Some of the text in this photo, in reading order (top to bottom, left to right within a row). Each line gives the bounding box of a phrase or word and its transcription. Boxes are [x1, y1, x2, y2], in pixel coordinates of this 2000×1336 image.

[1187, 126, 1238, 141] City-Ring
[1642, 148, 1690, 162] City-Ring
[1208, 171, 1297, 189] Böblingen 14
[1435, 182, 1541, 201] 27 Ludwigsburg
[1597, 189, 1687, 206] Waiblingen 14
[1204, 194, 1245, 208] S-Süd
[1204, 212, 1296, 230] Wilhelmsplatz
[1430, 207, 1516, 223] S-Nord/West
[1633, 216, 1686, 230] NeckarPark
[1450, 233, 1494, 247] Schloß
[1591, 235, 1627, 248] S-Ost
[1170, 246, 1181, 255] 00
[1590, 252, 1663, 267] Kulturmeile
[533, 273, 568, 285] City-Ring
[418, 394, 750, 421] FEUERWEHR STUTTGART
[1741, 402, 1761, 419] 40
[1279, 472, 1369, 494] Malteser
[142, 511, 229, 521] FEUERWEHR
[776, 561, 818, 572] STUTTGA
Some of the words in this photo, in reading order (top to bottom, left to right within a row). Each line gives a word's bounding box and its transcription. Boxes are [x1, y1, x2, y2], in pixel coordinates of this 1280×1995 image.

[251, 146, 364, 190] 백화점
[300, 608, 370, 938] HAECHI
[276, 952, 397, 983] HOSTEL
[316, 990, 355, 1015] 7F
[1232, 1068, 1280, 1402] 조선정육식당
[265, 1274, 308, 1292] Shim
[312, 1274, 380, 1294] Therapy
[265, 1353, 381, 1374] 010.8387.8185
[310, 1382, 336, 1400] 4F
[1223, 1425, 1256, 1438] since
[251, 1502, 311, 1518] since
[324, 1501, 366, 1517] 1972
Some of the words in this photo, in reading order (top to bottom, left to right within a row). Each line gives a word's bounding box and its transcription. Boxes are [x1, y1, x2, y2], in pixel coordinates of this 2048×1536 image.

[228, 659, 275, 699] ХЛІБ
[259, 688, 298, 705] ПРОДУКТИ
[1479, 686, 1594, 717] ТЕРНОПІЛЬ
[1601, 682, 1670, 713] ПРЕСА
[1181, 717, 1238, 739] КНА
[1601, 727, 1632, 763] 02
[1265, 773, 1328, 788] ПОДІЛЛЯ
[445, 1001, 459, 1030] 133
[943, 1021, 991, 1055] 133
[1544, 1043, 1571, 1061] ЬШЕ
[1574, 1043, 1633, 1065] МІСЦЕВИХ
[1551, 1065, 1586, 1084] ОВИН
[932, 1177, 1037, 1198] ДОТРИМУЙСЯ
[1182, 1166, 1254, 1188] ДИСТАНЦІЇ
________________________________________
Leave out every line before the one containing "this 2048×1536 image.". Transcribe that line and all lines after it through the end of the data above, exactly.

### Response to this exercise
Some of the words in this photo, in reading order (top to bottom, left to right within a row). Each line gives a word's bounding box and its transcription. Boxes are [x1, y1, x2, y2], in pixel coordinates of this 2048×1536 image.

[228, 659, 275, 699] ХЛІБ
[259, 688, 298, 705] ПРОДУКТИ
[1479, 686, 1594, 717] ТЕРНОПІЛЬ
[1601, 682, 1670, 713] ПРЕСА
[1181, 717, 1238, 739] КНА
[1601, 727, 1632, 763] 02
[1265, 773, 1328, 788] ПОДІЛЛЯ
[445, 1001, 459, 1030] 133
[943, 1021, 991, 1055] 133
[1544, 1043, 1571, 1061] ЬШЕ
[1574, 1043, 1633, 1065] МІСЦЕВИХ
[1551, 1065, 1586, 1084] ОВИН
[932, 1177, 1037, 1198] ДОТРИМУЙСЯ
[1182, 1166, 1254, 1188] ДИСТАНЦІЇ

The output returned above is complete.